## WORK ORDER:
All of the data below should be printed again word for word, pictures excluded.

## DATASET RECORDS:
::::
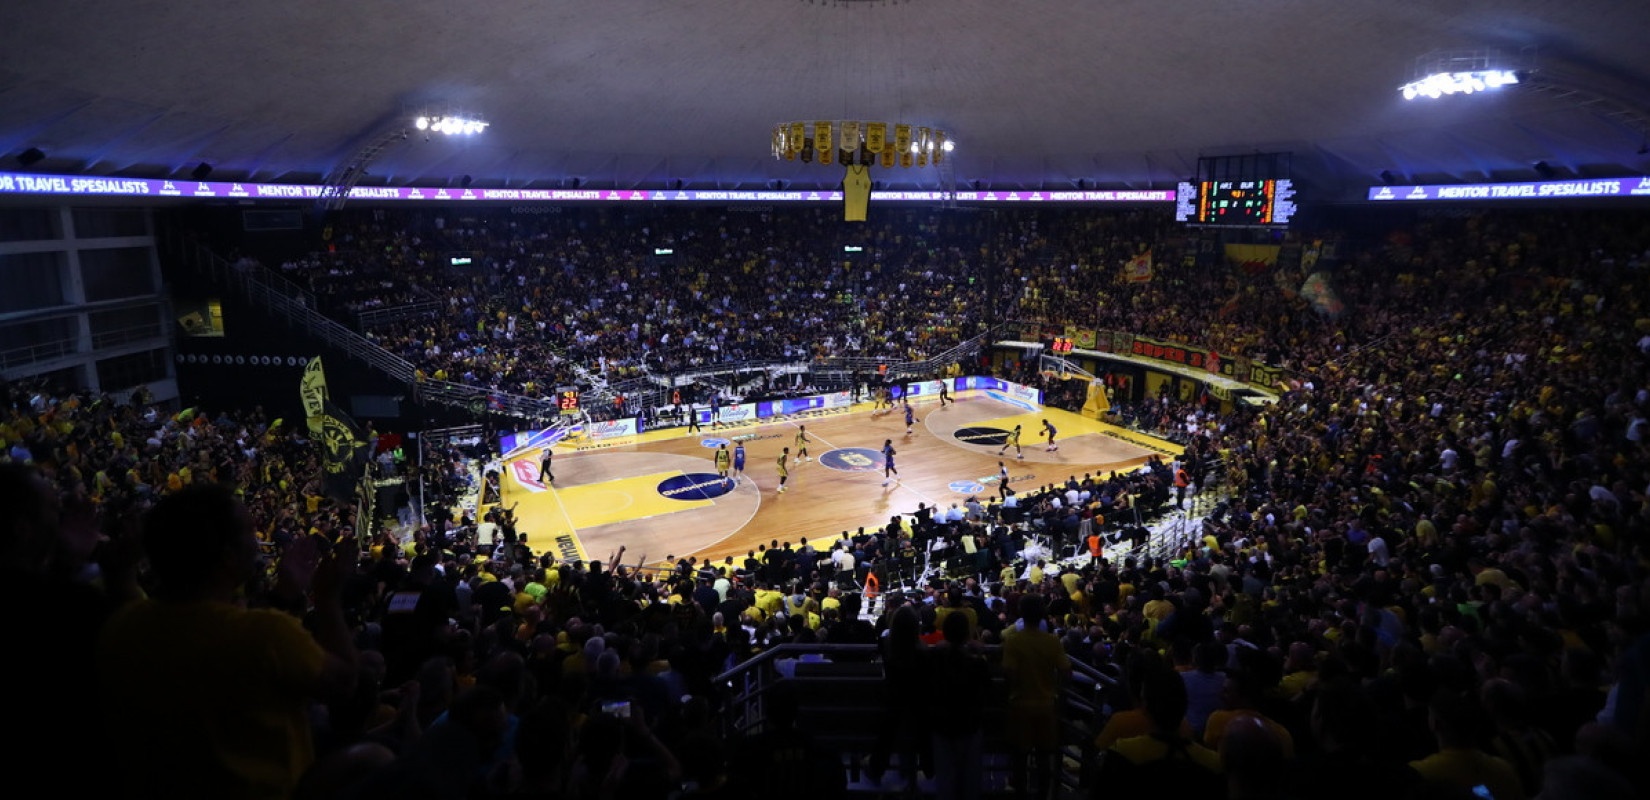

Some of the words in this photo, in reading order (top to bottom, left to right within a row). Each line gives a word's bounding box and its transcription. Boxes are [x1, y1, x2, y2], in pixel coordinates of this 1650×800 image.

[16, 177, 70, 192] TRAVEL
[71, 179, 149, 194] SPESIALISTS
[257, 185, 303, 197] MENTOR
[344, 187, 399, 198] PESIALISTS
[1438, 186, 1489, 198] MENTOR
[1490, 184, 1536, 197] TRAVEL
[1538, 182, 1620, 196] SPESIALISTS
[484, 190, 519, 199] MENTOR
[520, 190, 551, 199] TRAVEL
[1133, 341, 1185, 364] SUPER
[1189, 352, 1202, 367] 3
[561, 398, 577, 409] 22
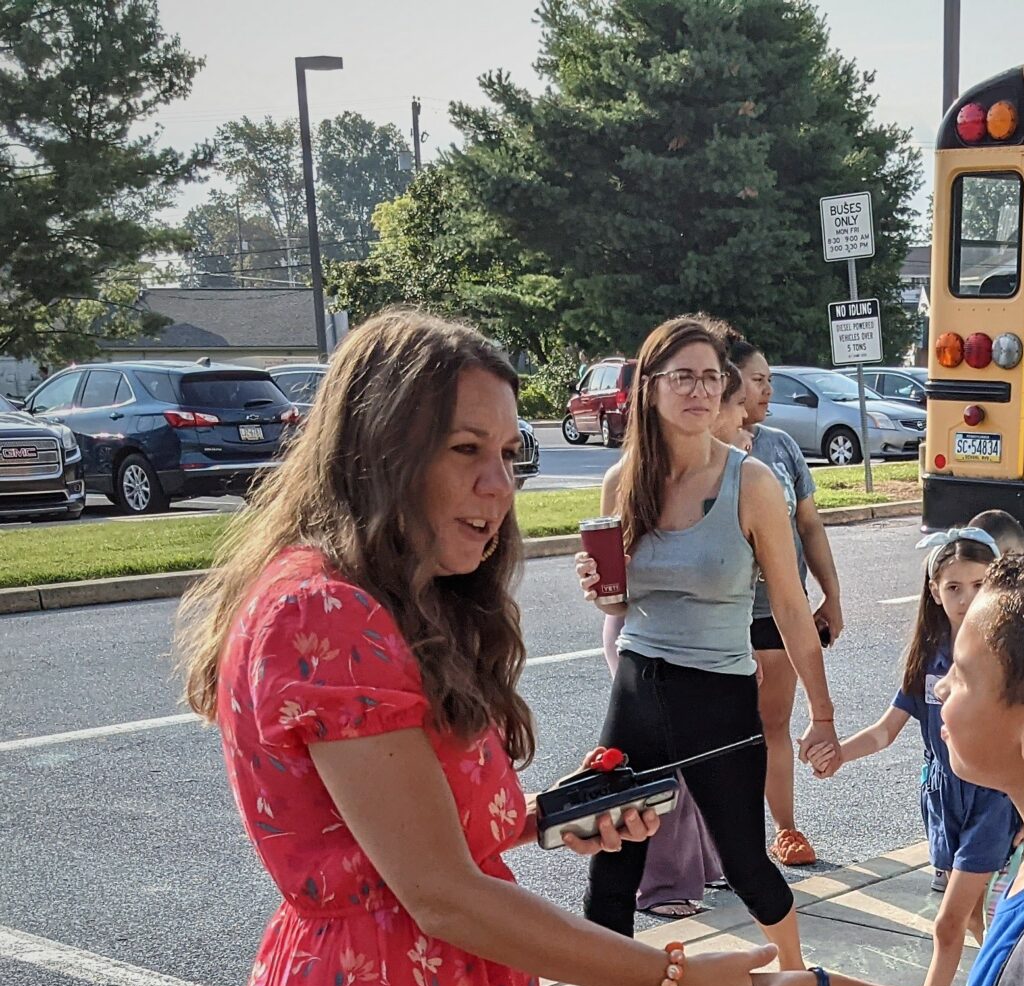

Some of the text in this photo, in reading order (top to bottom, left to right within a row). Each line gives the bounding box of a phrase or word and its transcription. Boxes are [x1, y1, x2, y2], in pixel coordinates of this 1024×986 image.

[830, 202, 862, 216] BUSES
[834, 215, 859, 228] ONLY
[835, 226, 860, 236] MON FRI
[860, 233, 870, 241] AM
[859, 241, 869, 249] PM
[835, 302, 872, 318] NO IDLING
[852, 321, 875, 331] POWERED
[838, 331, 874, 342] VEHICLES OVER
[847, 342, 867, 353] 5 TONS
[2, 447, 38, 459] GMC
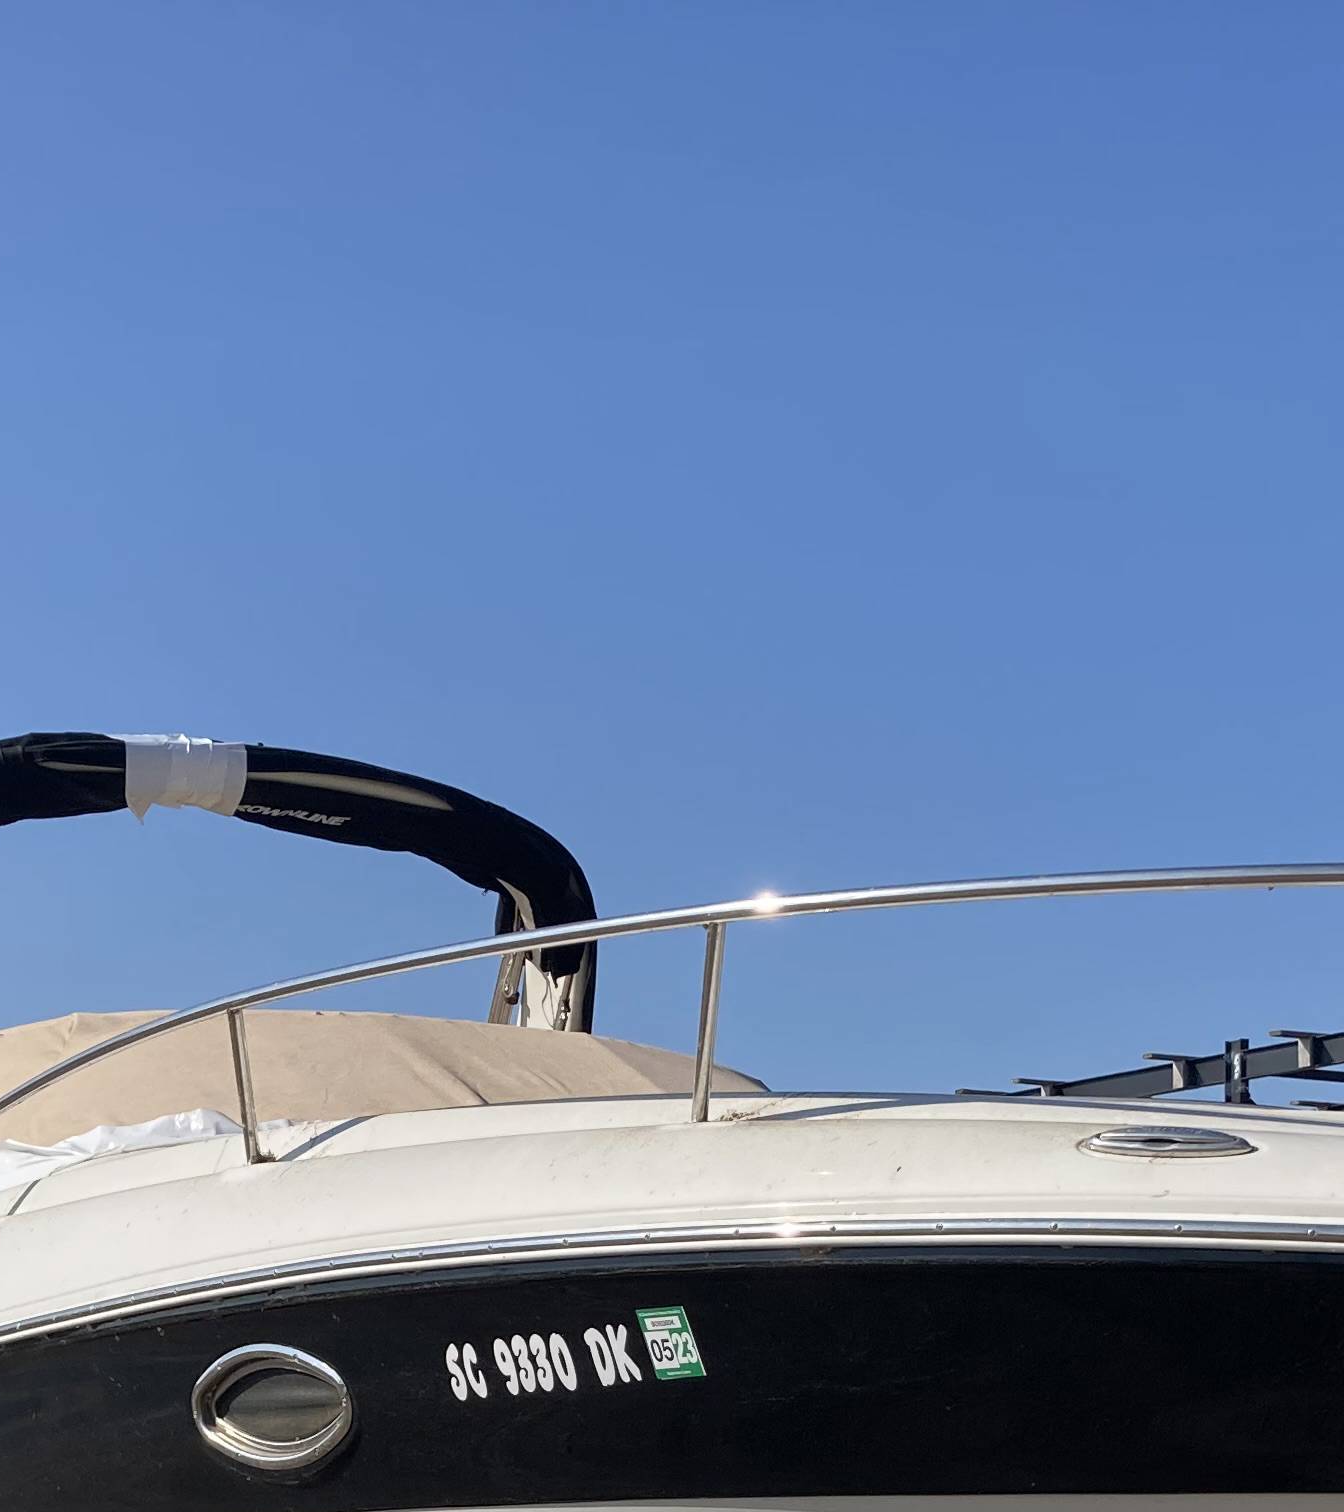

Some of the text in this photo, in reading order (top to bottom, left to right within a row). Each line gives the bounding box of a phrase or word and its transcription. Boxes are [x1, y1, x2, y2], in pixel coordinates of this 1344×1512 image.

[237, 804, 352, 826] ROWNLINE
[445, 1323, 643, 1402] SC 9330 DK
[650, 1331, 698, 1365] 05 23
::::
## RESULT FOR THIS EXERCISE:
Some of the words in this photo, in reading order (top to bottom, left to right within a row). Each line gives a word's bounding box and its transcription. Boxes are [x1, y1, x2, y2], in pixel coordinates of this 1650×800 image.

[16, 177, 70, 192] TRAVEL
[71, 179, 149, 194] SPESIALISTS
[257, 185, 303, 197] MENTOR
[344, 187, 399, 198] PESIALISTS
[1438, 186, 1489, 198] MENTOR
[1490, 184, 1536, 197] TRAVEL
[1538, 182, 1620, 196] SPESIALISTS
[484, 190, 519, 199] MENTOR
[520, 190, 551, 199] TRAVEL
[1133, 341, 1185, 364] SUPER
[1189, 352, 1202, 367] 3
[561, 398, 577, 409] 22

Some of the text in this photo, in reading order (top to bottom, left to right within a row). Each line gives the bounding box of a phrase or word and its transcription. Boxes are [x1, y1, x2, y2], in pixel coordinates of this 1024×986 image.

[830, 202, 862, 216] BUSES
[834, 215, 859, 228] ONLY
[835, 226, 860, 236] MON FRI
[860, 233, 870, 241] AM
[859, 241, 869, 249] PM
[835, 302, 872, 318] NO IDLING
[852, 321, 875, 331] POWERED
[838, 331, 874, 342] VEHICLES OVER
[847, 342, 867, 353] 5 TONS
[2, 447, 38, 459] GMC

Some of the text in this photo, in reading order (top to bottom, left to right within a row). Each line gives the bounding box of a phrase or word and its transcription. Boxes are [x1, y1, x2, y2], in pixel coordinates of this 1344×1512 image.

[237, 804, 352, 826] ROWNLINE
[445, 1323, 643, 1402] SC 9330 DK
[650, 1331, 698, 1365] 05 23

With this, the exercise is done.